(Collected data)
== Segment start ==

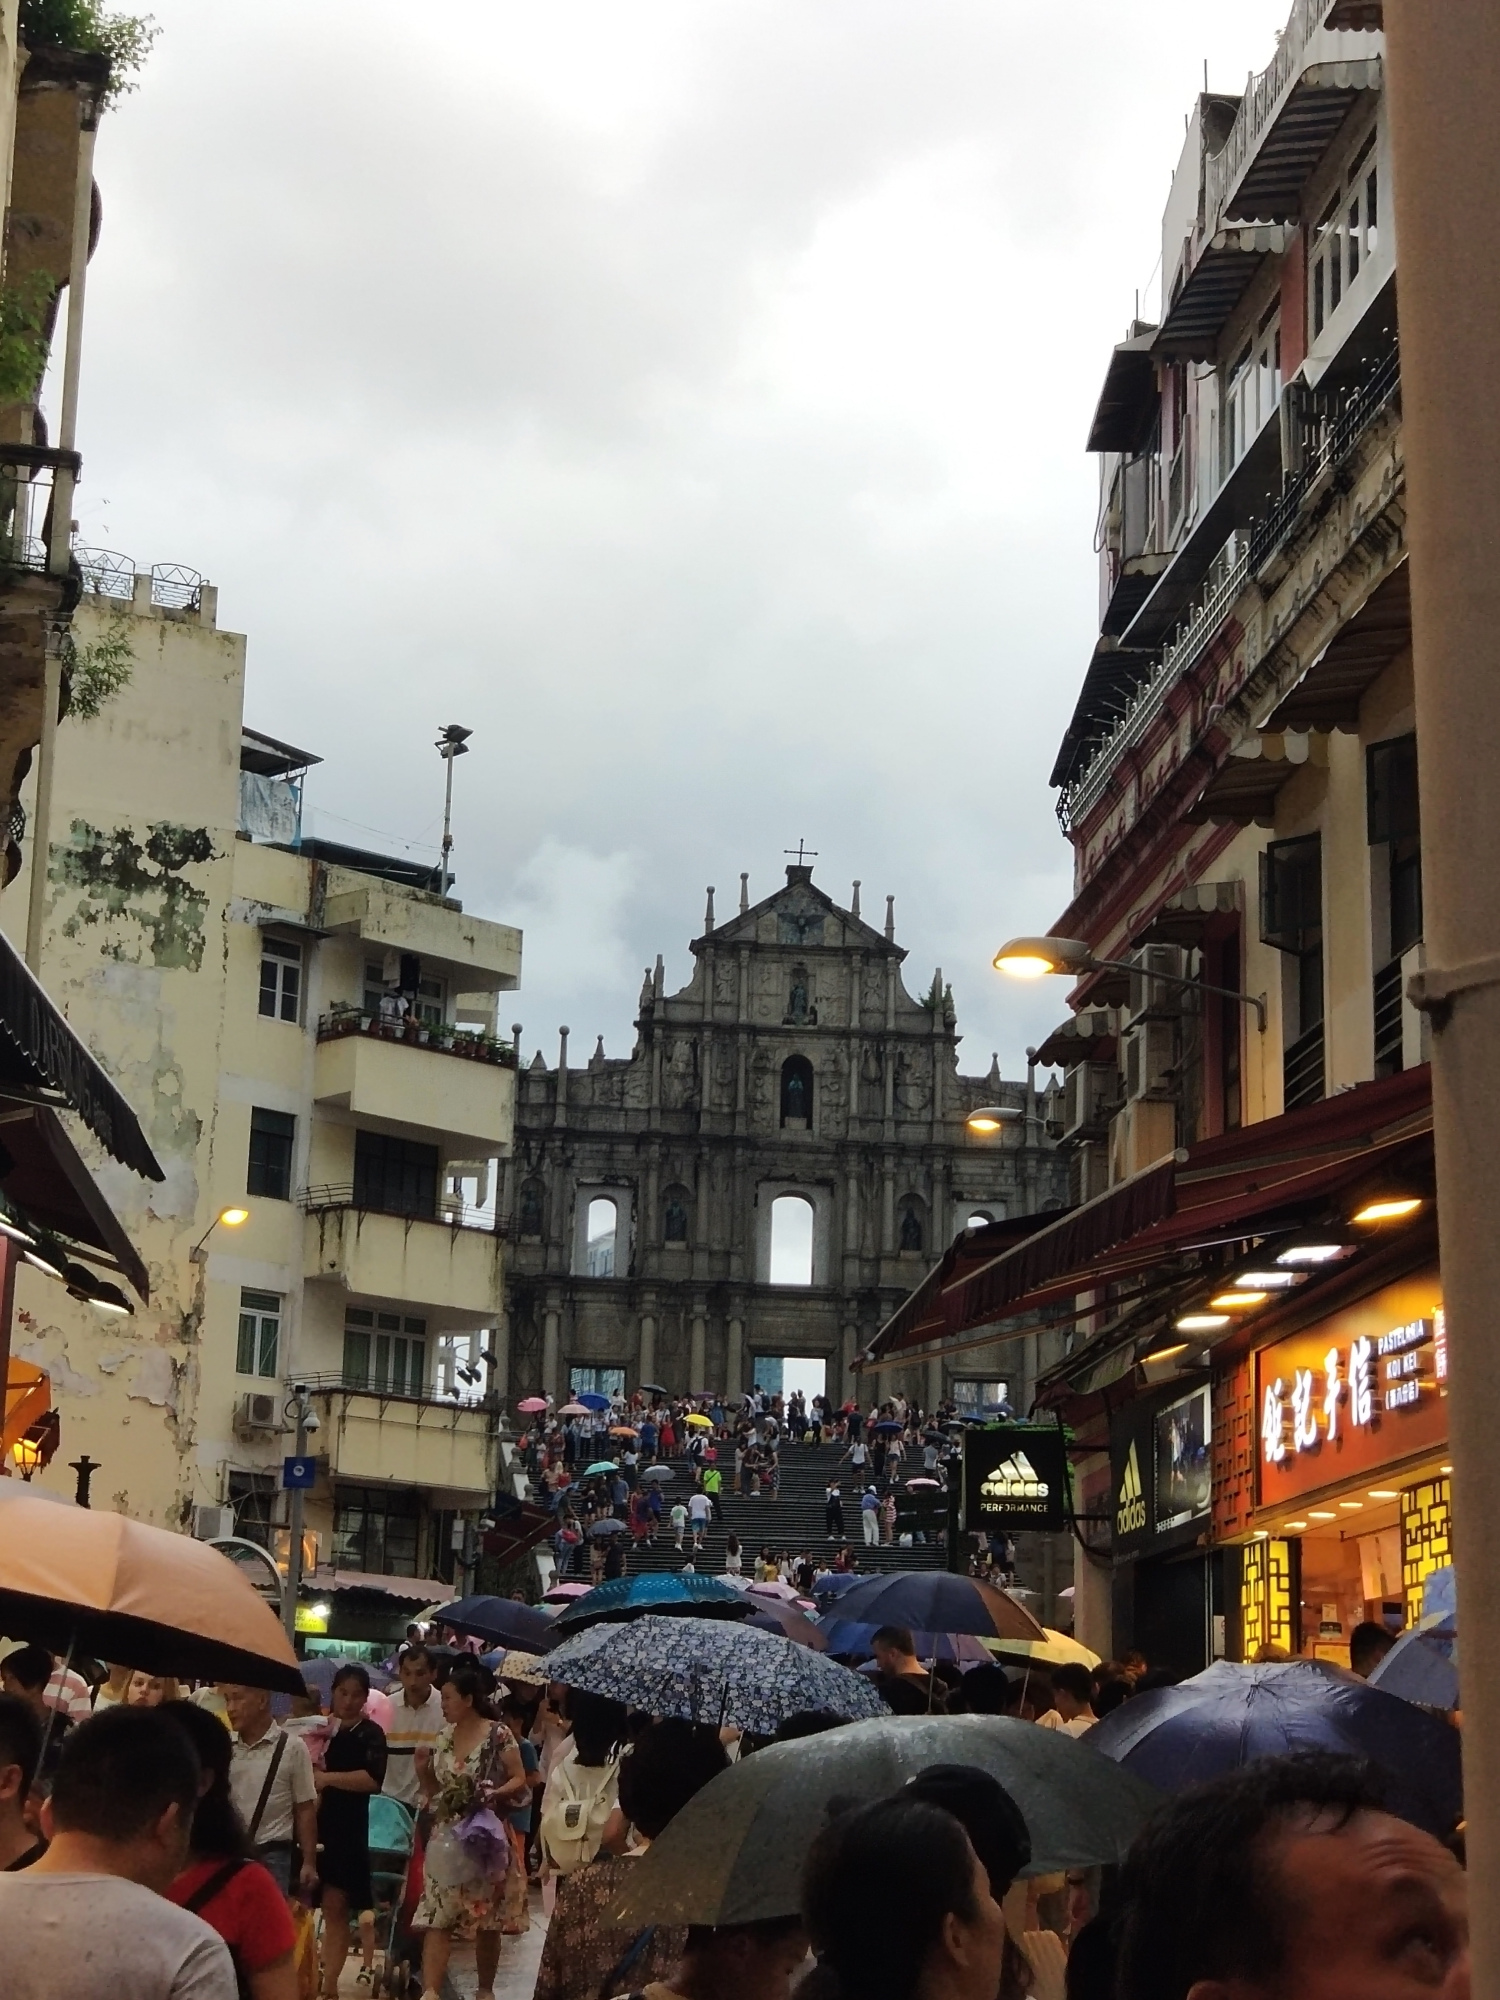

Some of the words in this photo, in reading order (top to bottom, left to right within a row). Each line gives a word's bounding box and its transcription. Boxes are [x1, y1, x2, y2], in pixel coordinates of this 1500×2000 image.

[1386, 1358, 1401, 1379] KOI
[1403, 1351, 1416, 1373] KEI
[1262, 1335, 1371, 1462] 鉅記手信
[980, 1480, 1049, 1497] adidas
[980, 1503, 1049, 1513] PERFORMANCE
[1117, 1496, 1146, 1535] adidas

== Segment end ==

- **EXERCISE REQUIREMENTS**
The expected response is every entry above, repeated exactly, pictures removed.

- **ANSWER SECTION**
Some of the words in this photo, in reading order (top to bottom, left to right within a row). Each line gives a word's bounding box and its transcription. Boxes are [x1, y1, x2, y2], in pixel coordinates of this 1500×2000 image.

[1386, 1358, 1401, 1379] KOI
[1403, 1351, 1416, 1373] KEI
[1262, 1335, 1371, 1462] 鉅記手信
[980, 1480, 1049, 1497] adidas
[980, 1503, 1049, 1513] PERFORMANCE
[1117, 1496, 1146, 1535] adidas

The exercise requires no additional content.